Although lay health workers (LHWs) improve cancer screening and treatment adherence, evidence on whether they can enhance other aspects of care is limited. To determine whether an LHW program can increase documentation of patients' care preferences after cancer diagnosis. Randomized clinical trial conducted from August 13, 2013, through February 2, 2015, among 213 patients with stage 3 or 4 or recurrent cancer at the Veterans Affairs Palo Alto Health Care System. Data analysis was by intention to treat and performed from January 15 to August 18, 2017. Six-month program with an LHW trained to assist patients with establishing end-of-life care preferences vs usual care. The primary outcome was documentation of goals of care. Secondary outcomes were patient satisfaction on the Consumer Assessment of Health Care Providers and Systems "satisfaction with provider" item (on a scale of 0 [worst] to 10 [best possible]), health care use, and costs. Among the 213 participants randomized and included in the intention-to-treat analysis, the mean (SD) age was 69.3 (9.1) years, 211 (99.1%) were male, and 165 (77.5%) were of non-Hispanic white race/ethnicity.

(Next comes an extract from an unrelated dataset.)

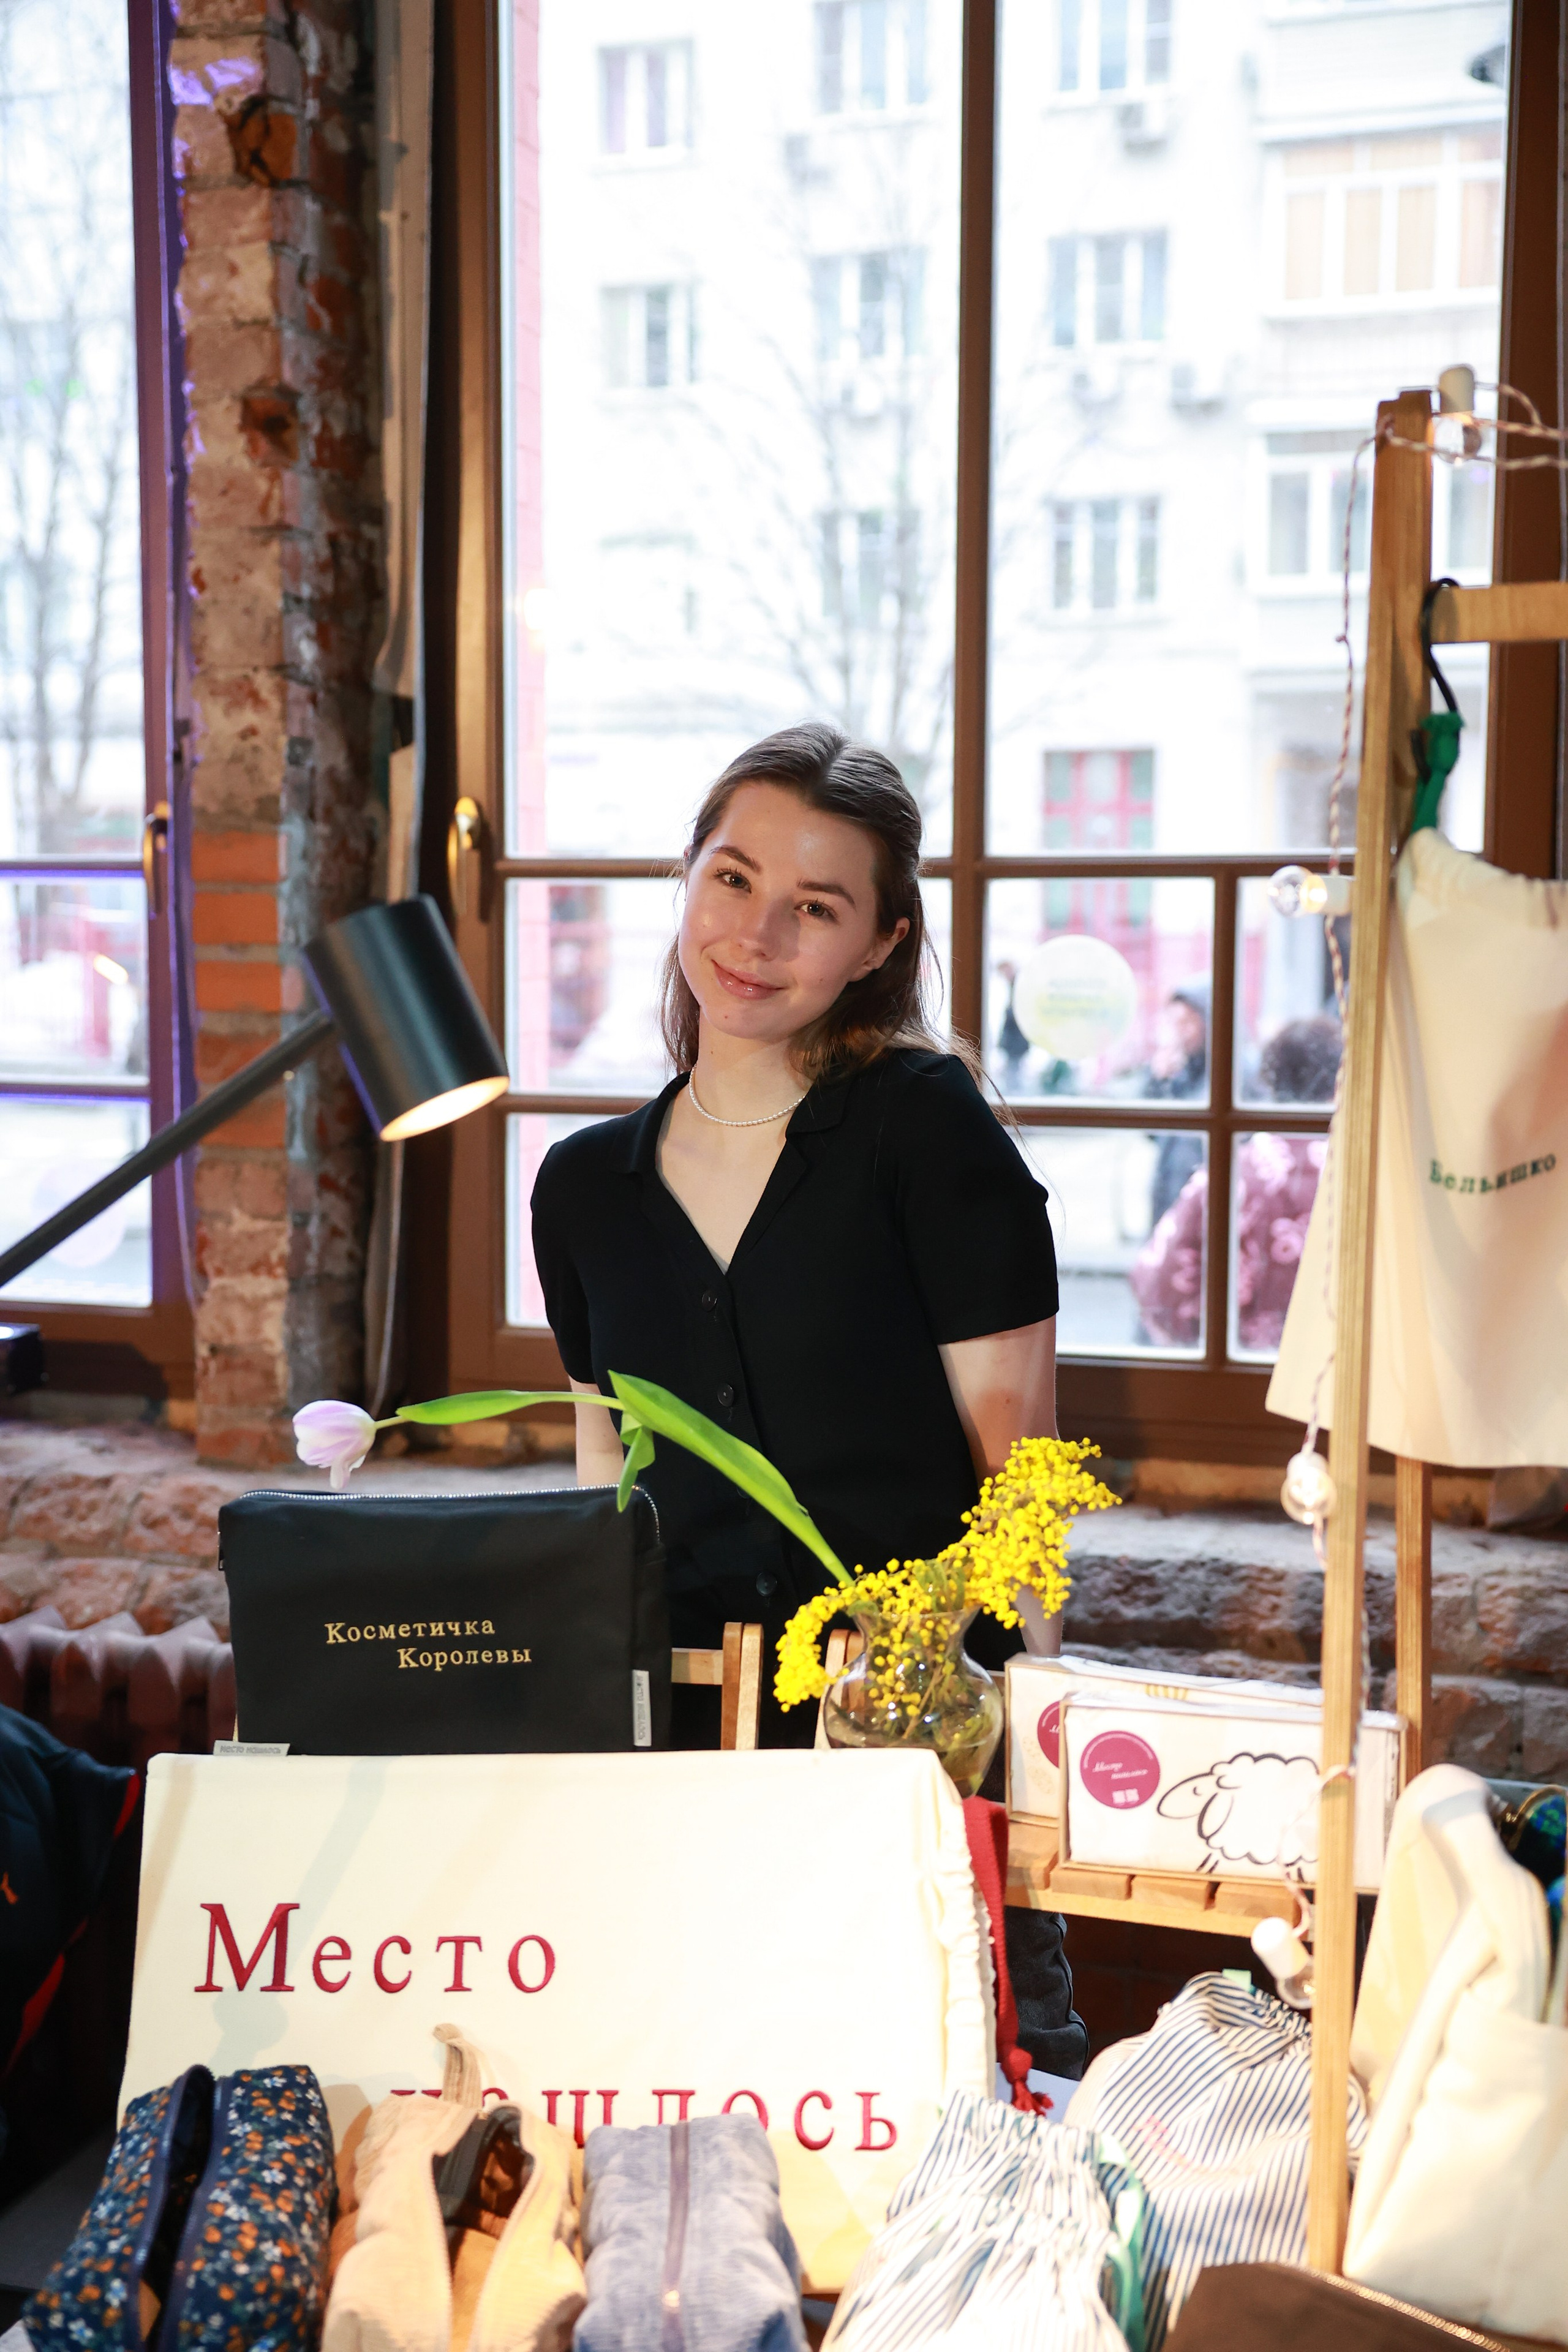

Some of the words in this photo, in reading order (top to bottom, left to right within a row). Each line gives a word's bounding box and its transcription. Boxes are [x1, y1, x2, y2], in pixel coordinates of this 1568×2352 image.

[324, 1619, 496, 1645] Косметичка
[397, 1647, 532, 1672] Королевы
[194, 1902, 556, 1994] Место
[390, 2087, 898, 2151] шлось

Within 6 months of enrollment, patients randomized to the intervention had greater documentation of goals of care than the control group (97 [92.4%] vs 19 [17.5%.]; P < .001) and larger increases in satisfaction with care on the Consumer Assessment of Health Care Providers and Systems "satisfaction with provider" item (difference-in-difference, 1.53; 95% CI, 0.67-2.41; P < .001). The number of patients who died within 15 months of enrollment did not differ between groups (intervention, 60 of 105 [57.1%] vs control, 60 of 108 [55.6%]; P = .68). In the 30 days before death, patients in the intervention group had greater hospice use (46 [76.7%] vs 29 [48.3%]; P = .002), fewer emergency department visits (mean [SD], 0.05 [0.22] vs 0.60 [0.76]; P < .001), fewer hospitalizations (mean [SD], 0.05 [0.22] vs 0.50 [0.62]; P < .001), and lower costs (median [interquartile range], $1048 [$331-$8522] vs $23 482 [$9708-$55 648]; P < .001) than patients in the control group. Incorporating an LHW into cancer care increases goals-of-care documentation and patient satisfaction and reduces health care use and costs at the end of life. ClinicalTrials.gov Identifier: NCT02966509.